Nonetheless, we continue to believe that the customer value proposition for a targeted sample-to-answer sequencer remains intact, and we will move forward with completing development. Our plan is to launch a new product for the clinical research market late this year.
Obviously, the inclusion of several unusual charges during the fourth quarter negatively impacted our operating margin. If we exclude the $70.8 million for legal-related reserves and the impairment charge, the operating margin for the fourth quarter would have been approximately 8%.

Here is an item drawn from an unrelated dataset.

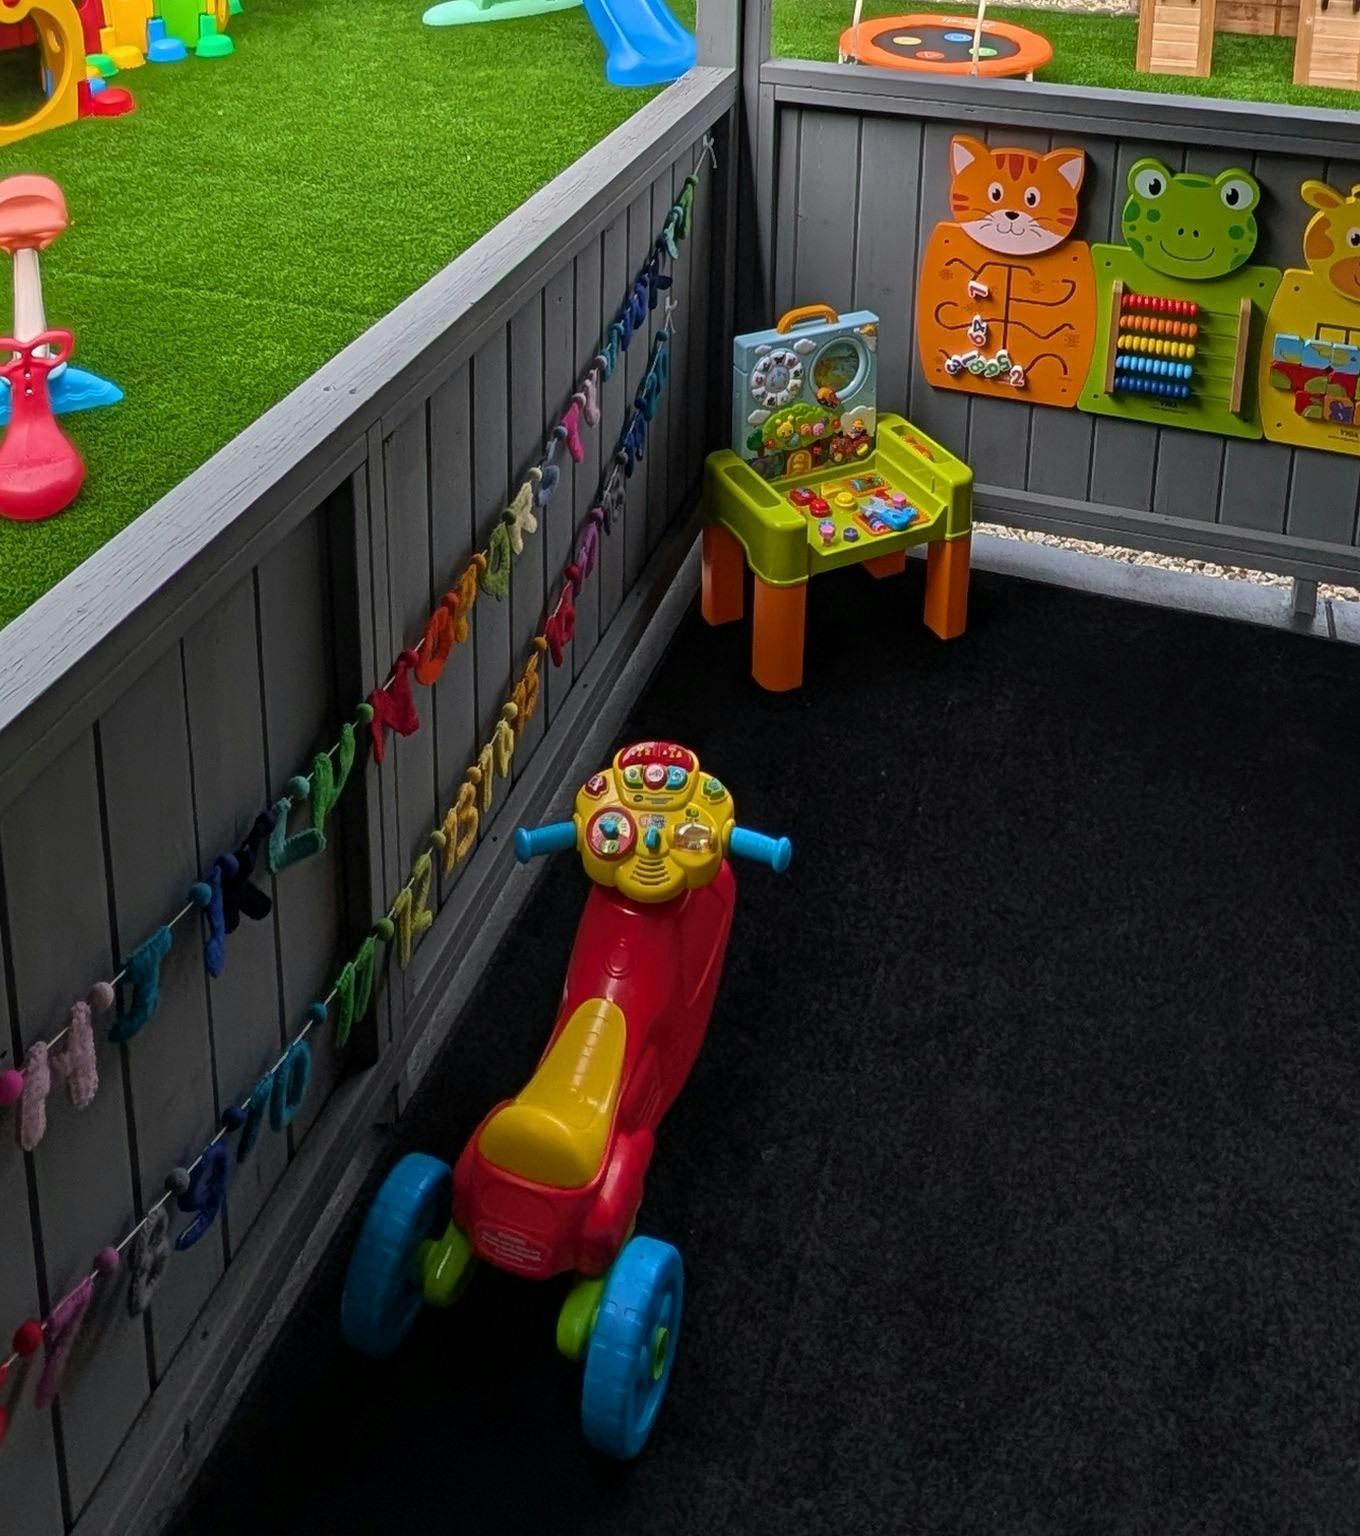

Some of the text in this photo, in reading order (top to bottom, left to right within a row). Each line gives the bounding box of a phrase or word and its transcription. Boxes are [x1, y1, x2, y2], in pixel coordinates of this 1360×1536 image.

[1010, 368, 1025, 385] 2
[269, 796, 327, 875] L
[415, 606, 454, 686] O

Interest and other for the quarter was a net expense of $5 million compared to $5.3 million last year. The effective tax rate used in the fourth quarter was lower than expected at 27%, primarily the result of the mix of earnings in lower tax jurisdictions, as well as benefit related to the repatriation of foreign earnings.
When comparing to the year ago period, remember that last year's rate benefited significantly from sizable foreign repatriations as well as the reinstatment of the federal R&D tax credit for 2015.

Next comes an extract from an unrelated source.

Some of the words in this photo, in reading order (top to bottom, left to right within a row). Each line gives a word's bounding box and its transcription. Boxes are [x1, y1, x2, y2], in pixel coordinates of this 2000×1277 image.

Driven substantially by the impairment of the GnuBIO assets, reported net income for the fourth quarter was a loss of $20.6 million or minus $0.70 per share on a diluted basis compared to $49.5 million last year or $1.68 per share.
Excluding the impairment and legal related charges, we estimate that earnings per share for the quarter would have been $0.98. And now for certain segment information. Life Science Group reported sales for the fourth quarter were $206.8 million. This represents a decline of 5.2% versus last year or minus 4.3% on a currency-neutral basis.
As I mentioned earlier, these quarterly sales reflect a tough to compare with Q4 of 2015, especially in light of the backlog catch-up and the timing of sales of processed media products.
The headwinds were partially offset by continued strong performance for our Droplet Digital PCR product family as well as strong sales of our food safety product line.
Throughout the year we made a concerted effort to smooth out sales of our traditional protein and gene expression product, and that certainly impacted our ability to post growth in the fourth quarter. On a geographic basis, currency-neutral sales in Q4 declined in our largest regions for Life Science.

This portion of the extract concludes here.